Task:
An exact copy of every record is needed, with all pictures omitted.

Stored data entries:
^^^^^^^^^^^^^^^^
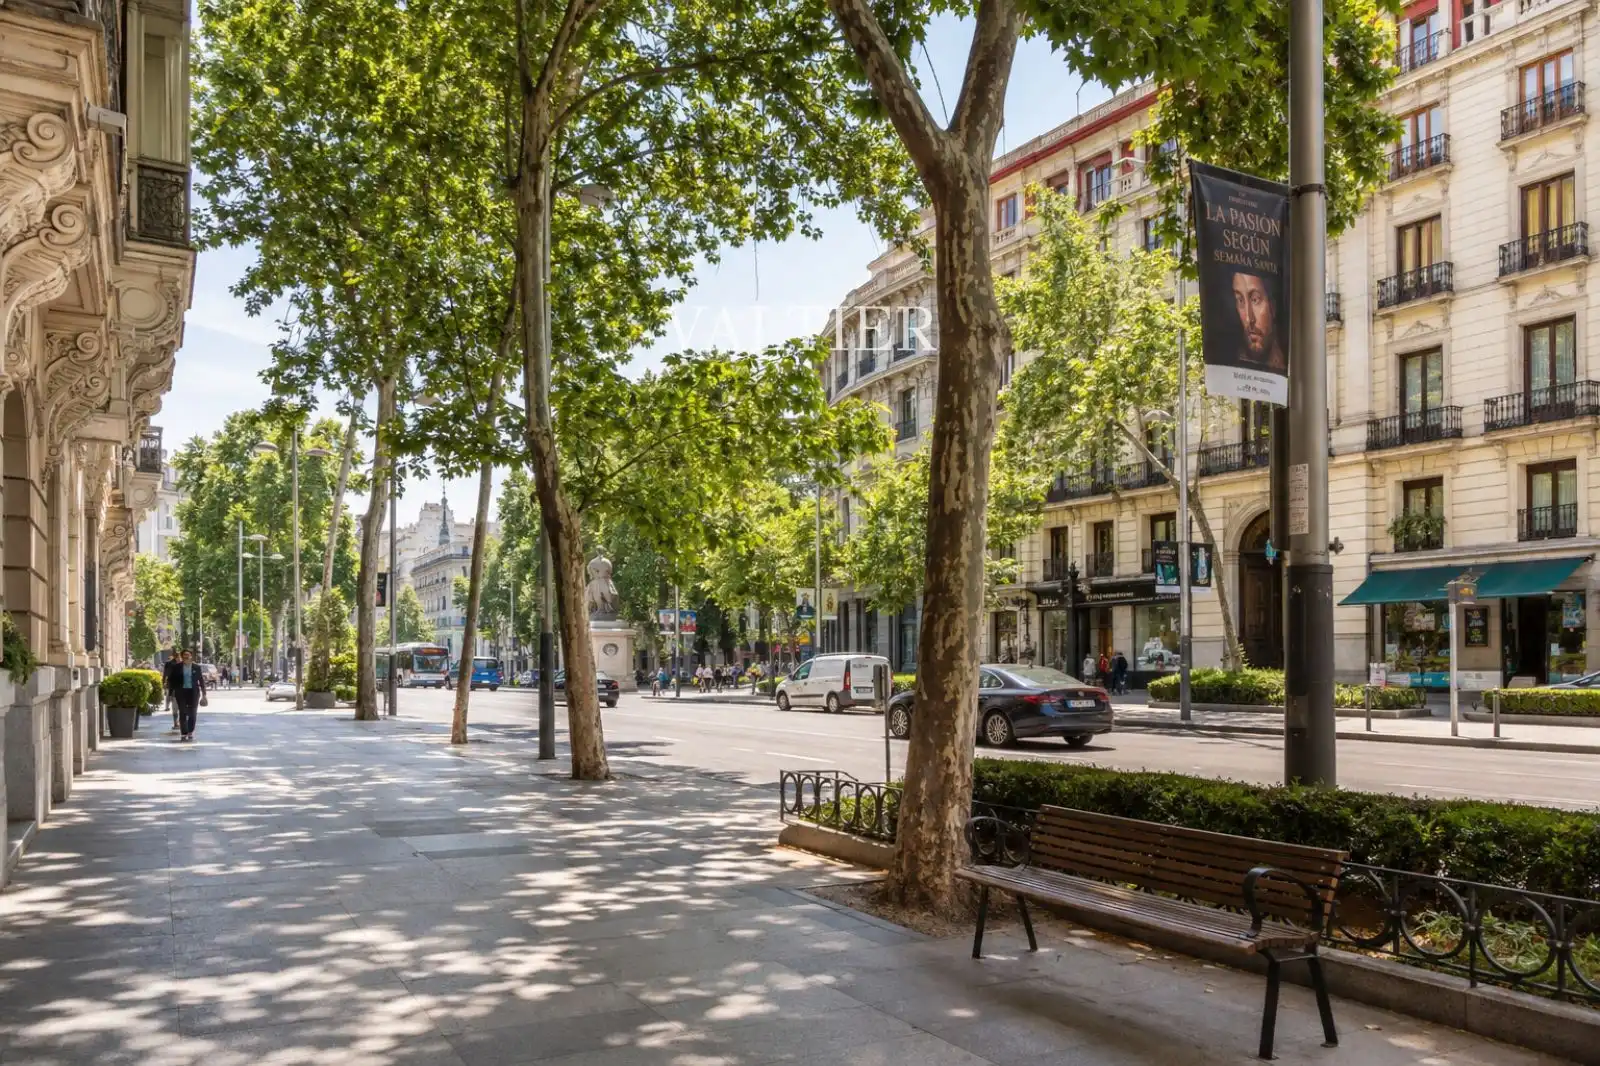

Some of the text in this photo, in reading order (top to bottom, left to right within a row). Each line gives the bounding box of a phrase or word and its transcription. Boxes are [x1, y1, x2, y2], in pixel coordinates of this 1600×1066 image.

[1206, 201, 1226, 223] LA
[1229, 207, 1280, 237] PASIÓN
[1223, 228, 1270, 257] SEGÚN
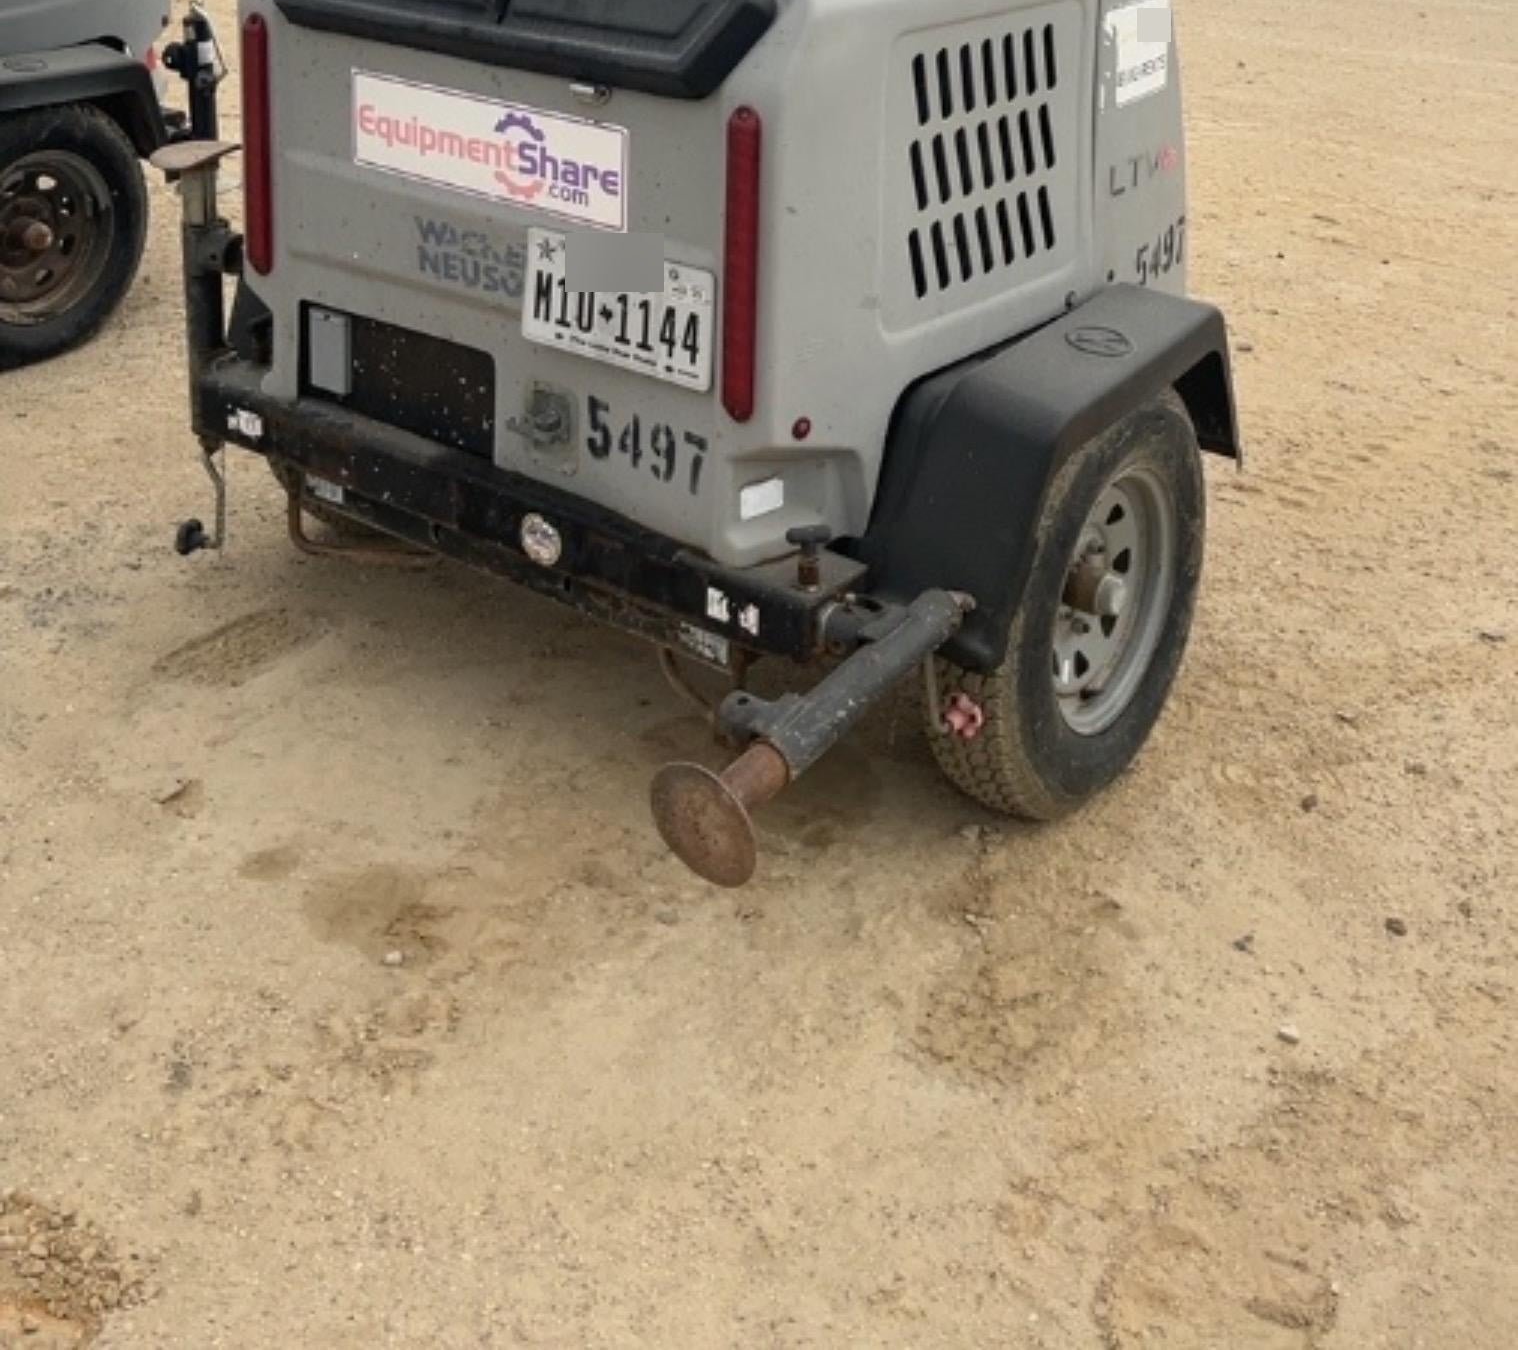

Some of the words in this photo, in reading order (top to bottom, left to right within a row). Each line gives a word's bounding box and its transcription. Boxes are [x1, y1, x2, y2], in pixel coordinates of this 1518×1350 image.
^^^^^^^^^^^^^^^^
Written answer:
Some of the text in this photo, in reading order (top to bottom, left to right within a row). Each line gives the bounding box of a phrase or word and its transcription. Boxes are [x1, y1, x2, y2], in pixel coordinates of this 1600×1066 image.

[1206, 201, 1226, 223] LA
[1229, 207, 1280, 237] PASIÓN
[1223, 228, 1270, 257] SEGÚN

Some of the words in this photo, in reading order (top to bottom, left to right within a row). Each line gives a word's bounding box and its transcription. Boxes are [x1, y1, x2, y2], in pixel coordinates of this 1518×1350 image.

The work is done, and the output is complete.